RALEIGH -- While Wake County school board members continue to debate the long-term student assignment plan, parents are focusing on where their children will attend classes next fall.
Starting tonight and running through next Monday, school administrators will hold four meetings to hear from the public about where they want their children assigned for the 2011-12 school year. If things move on schedule, a final plan for next year could be approved in February.
There are two parallel processes going on.
In the long term, board members are grappling with what to do when the three-year assignment plan adopted by the old board in 2009 expires after the end of the 2011-12 school year. The board, which is attempting to move toward community schools, had been working on a plan to divide the county into 16 assignment zones before it was shelved last month.
The board will discuss Tuesday a proposal from board member Kevin Hill to follow a consensus-building approach to developing a new plan.
In the short term, board members are also weighing how much to change the assignments that were adopted by the old board for the next school term. At least some changes are expected to be recommended by school administrators.
"These are not, as of today, set in stone," Laura Evans, senior director for growth and planning, told school board members last week about the reassignment plan approved by the old board.
Most of the moves slated for next year revolve around sending students to the Walnut Creek Elementary School that is opening in Southeast Raleigh.
Evans said she'll recommend changing some of the moves to address crowding expected at 14 schools next year and because enrollment projections have changed since 2009.
Also, Evans said she'll recommend changing some moves to reflect the policy adopted by the board in May that eliminates socioeconomic diversity as a factor in assigning students. The new assignment policy lists as priorities family choice, stability and proximity of the school to a student's home.
To help gather feedback, administrators are holding four workshops that will allow people to meet in small groups and make suggestions for next year's plan.
Anne Stockdell-Giesler plans to attend the meeting Thursday at Cary High School. The Morrisville mother said she'll ask about moving her subdivision's students out of East Cary Middle School to a closer school.
"If they're going to have neighborhood schools, then I don't want to be the small group that's assigned all the way to East Cary," said Stockdell-Giesler, who has a child who will enter middle school next year.
North Raleigh mother Lori Campoli plans to voice support for keeping her subdivision at Leesville Road Middle School at tonight's workshop at Millbrook High School. Her neighborhood isn't scheduled to be moved, but Leesville Road is one of the crowded schools that administrators say they want to address.

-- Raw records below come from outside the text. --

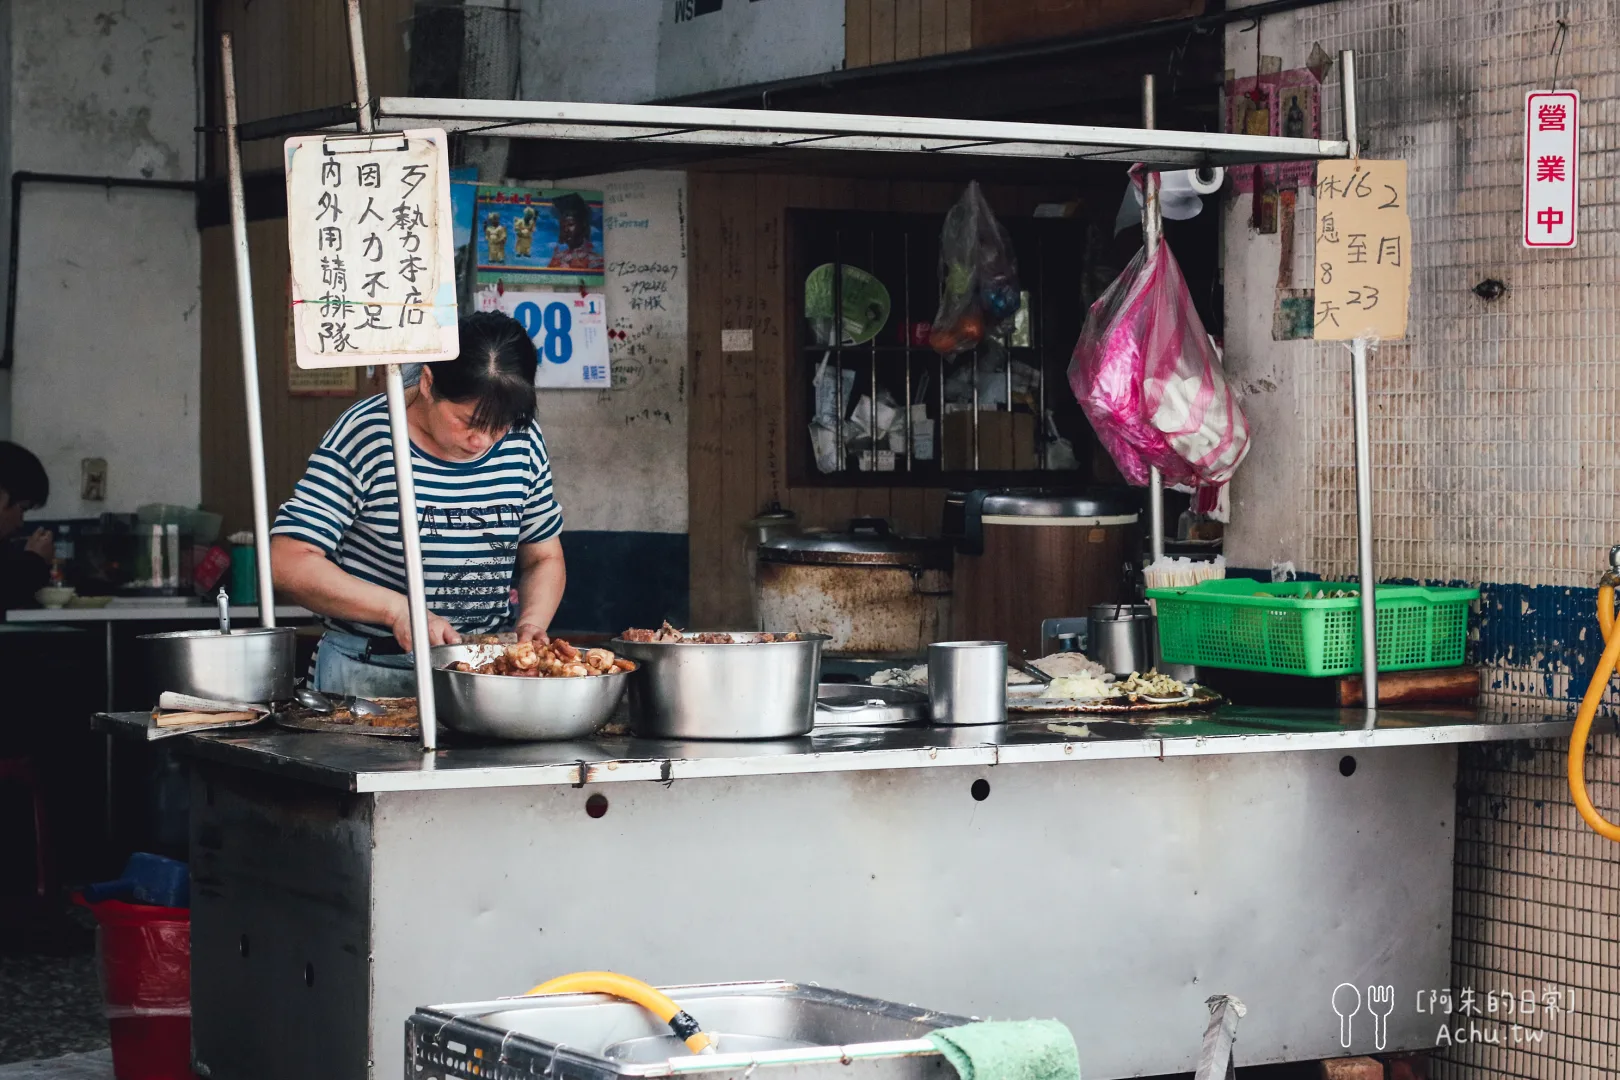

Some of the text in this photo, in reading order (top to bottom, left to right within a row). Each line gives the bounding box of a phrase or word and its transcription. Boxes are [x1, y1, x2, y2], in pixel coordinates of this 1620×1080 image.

[1537, 103, 1567, 234] 營業中
[353, 162, 393, 330] 因人力不足
[1314, 175, 1343, 328] 休息8天
[1377, 184, 1401, 268] 2月
[514, 301, 573, 366] 28
[589, 301, 597, 314] 1

"This is the way they say they want to get input, so I'll be there," Campoli said.
Evans will present a revised plan to the school board Dec. 7. For people who want their suggestions included then, Evans said she'd need to hear them before the Thanksgiving break.
Earlier this month, school board chairman Ron Margiotta had talked about aggressively proposing additional moves for next year's plan to reflect the elimination of diversity from the assignment policy. But with the board bogged down over the long-term plan, Margiotta said Friday that he expects relatively few moves being added.
Margiotta was looking ahead to October, when five of the nine board seats, including his own, are on the ballot.
"It's going to be minimal adjustments," Margiotta said. "Last month's vote is certainly going to slow down the pace until we have another election."